Emperor Jiaqing (Chia-ch’ing)
Emperor Jiaqing (Chia-ch’ing)

Jiaqing was the name Yongyan (Yung-yen) took as the fifth emperor of the Qing (Ch’ing) or Manchu dynasty. He was the fifth son of Emperor Qianlong (Ch’ien-lung) and was secretly designated as his heir in 1773 because of his character and diligence.

The choice was not made public until 1795, when Qianlong announced his intention to abdicate. Although Qianlong abdicated on Chinese New Year’s Day in 1796, he continued to hold the reins of power until his death in 1799, relegating the new emperor to ceremonial duties.

Qianlong ruled too long for the country’s good, sowing seeds of decay in his declining years and allowing massive corruption to go unchecked. Jiaqing began his actual rule with the arrest and execution of Heshen (Ho-shen), his father’s favorite who had abused power and looted the treasury for a quarter century. The inventory of his confiscated holdings equaled about $1.5 billion.

Heshen, however, was the symptom of decay in an empire where corruption had become pervasive. Popular revolts had broken out in several provinces, some organized by religiously inspired secret societies (for example, the White Lotus Rebellion) that the Banner army units, the once-crack army that had conquered the empire, were unable to put down.

The population had doubled during the 18th century to about 300 million, putting unbearable pressure on the available land, leading to food shortages and sometimes famines. The Yellow River flooded 17 times during Jiaqing’s reign; relief efforts exhausted the treasury and reduced the national income.

Jiaqing was not a dynamic leader, but he was frugal and hardworking and labored to reduce corruption and waste. For example, he reduced the expenditure of the imperial household and reduced state support for the huge numbers of his relatives and retainers, resulting in an assassination attempt by a disgruntled former recipient of imperial largess in 1813. His policies were at least partially successful, restoring peace and balancing the budget during his last years.
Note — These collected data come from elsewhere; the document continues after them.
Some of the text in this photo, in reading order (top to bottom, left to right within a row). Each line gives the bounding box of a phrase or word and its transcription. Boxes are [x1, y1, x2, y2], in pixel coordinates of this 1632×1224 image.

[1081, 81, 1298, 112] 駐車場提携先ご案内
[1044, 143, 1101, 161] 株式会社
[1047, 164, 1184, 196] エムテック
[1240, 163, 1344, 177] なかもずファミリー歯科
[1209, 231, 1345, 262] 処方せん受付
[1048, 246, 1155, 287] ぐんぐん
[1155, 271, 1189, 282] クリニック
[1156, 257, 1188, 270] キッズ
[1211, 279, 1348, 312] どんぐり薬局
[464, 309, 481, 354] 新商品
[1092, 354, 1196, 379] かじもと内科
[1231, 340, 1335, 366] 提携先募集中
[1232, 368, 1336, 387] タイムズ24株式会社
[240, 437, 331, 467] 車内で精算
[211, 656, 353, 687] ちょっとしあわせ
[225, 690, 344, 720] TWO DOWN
By Jiaqing’s reign, Great Britain had become China’s major trading partner, accounting for between 70 and 80 percent of all foreign trade through Guangzhou (Canton). In 1793 Great Britain had sent an embassy led by Lord Macartney to obtain better trading conditions, without success.
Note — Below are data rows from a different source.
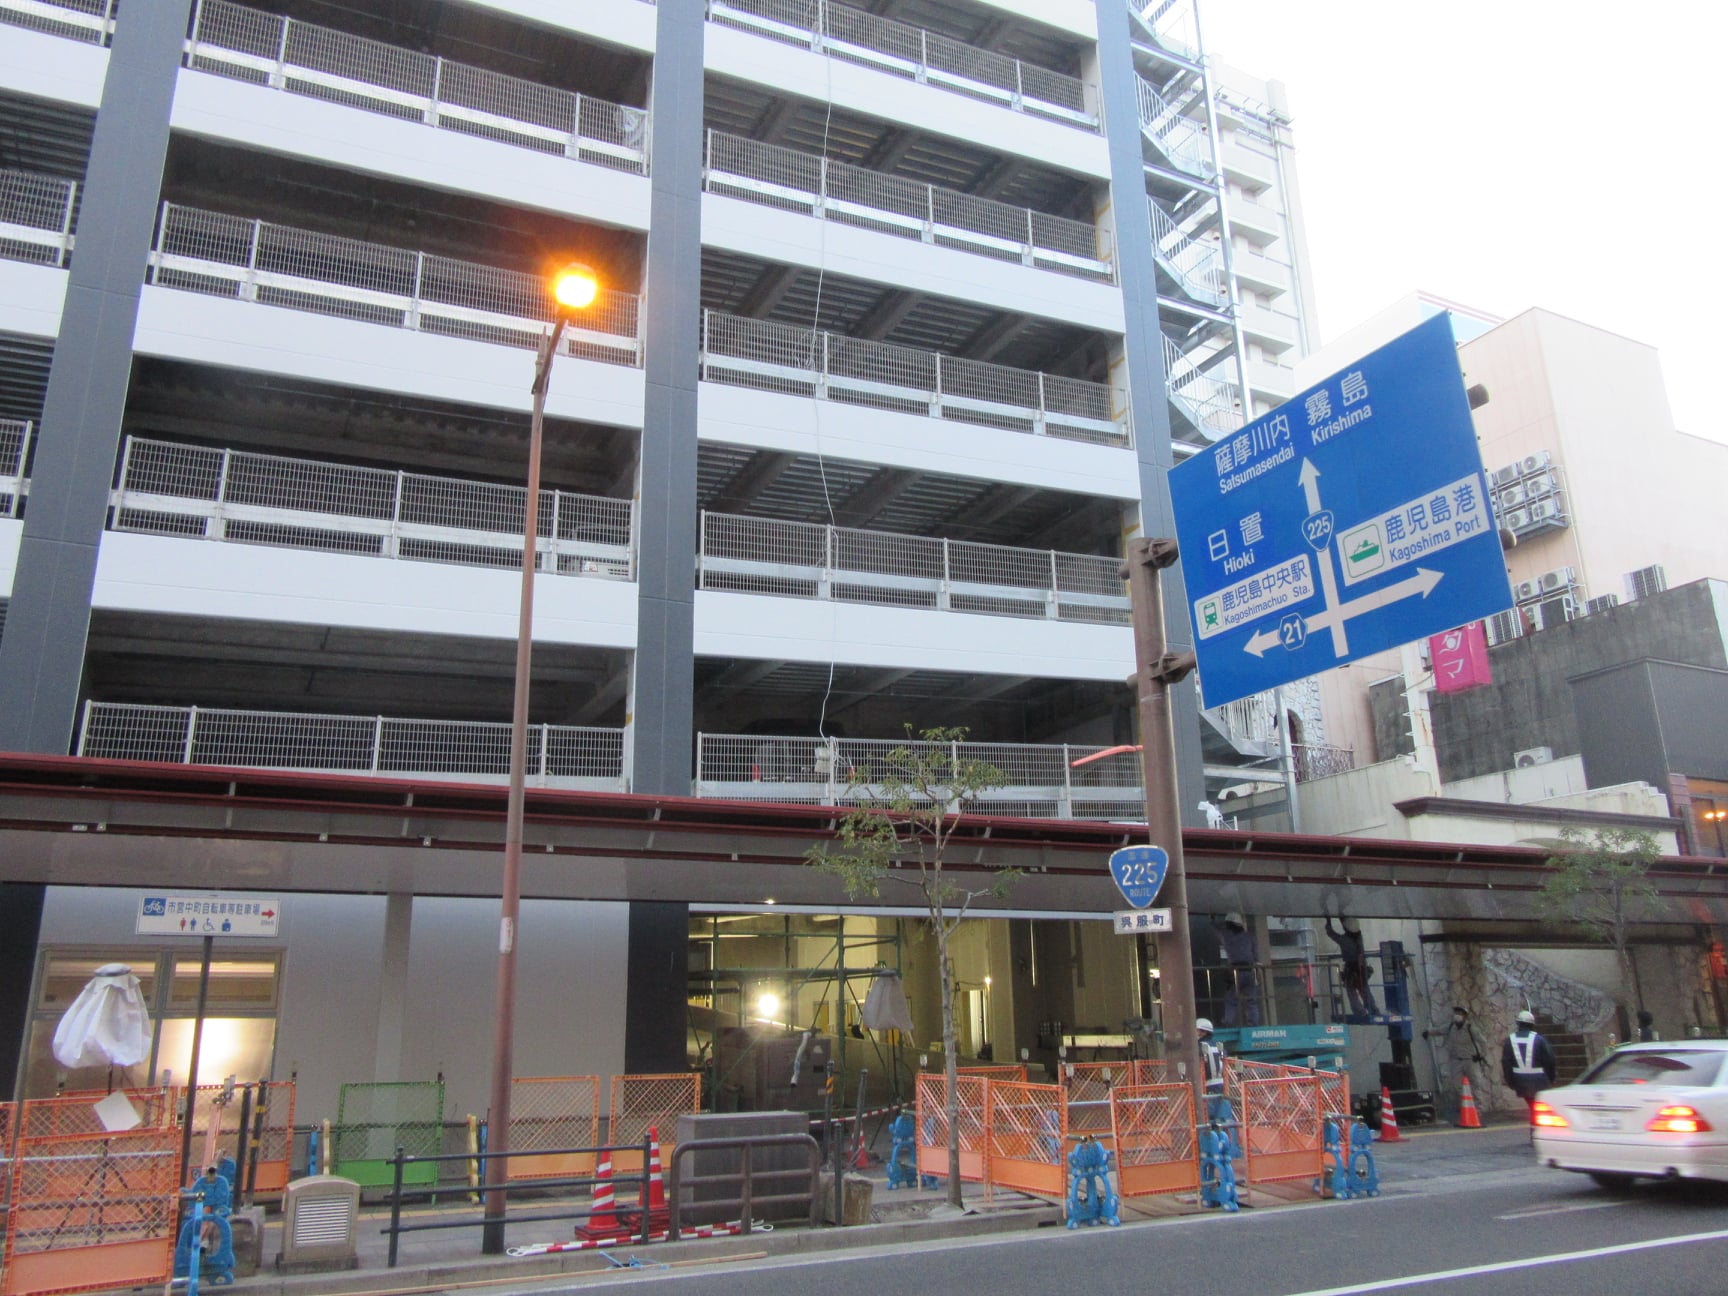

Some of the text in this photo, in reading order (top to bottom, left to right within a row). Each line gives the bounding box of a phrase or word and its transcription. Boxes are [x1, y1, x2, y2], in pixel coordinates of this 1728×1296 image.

[1305, 370, 1368, 426] 霧島
[1214, 414, 1290, 477] 薩摩川内
[1311, 404, 1372, 446] Kirishima
[1219, 442, 1295, 494] Satsumasendai
[1307, 516, 1331, 541] 225
[1385, 483, 1476, 544] 鹿児島港
[1208, 511, 1264, 561] 日置
[1389, 514, 1481, 563] Kagoshima Port
[1223, 548, 1255, 575] Hioki
[1221, 559, 1308, 612] 鹿児島中央駅
[1224, 584, 1310, 625] Kagoshimachuo Sta.
[1283, 619, 1303, 644] 21
[1121, 861, 1158, 887] 225
[1130, 887, 1151, 897] ROUTE
[1121, 914, 1164, 928] 呉服町
In 1816 a second British mission under Lord Amherst arrived in China to announce Britain’s victory over Napoleon I and to reopen negotiations. It again failed, due to a mix-up over Amherst’s credentials and his refusal to kowtow (prostrate) before the emperor as Chinese court protocol required. Twenty-six years later the issue would be settled by war.

Jiaqing tried to stem the decline of the Qing dynasty, with limited success. He was well educated, a conscientious ruler, and a patron of learning who sponsored the compilation and publication of many works.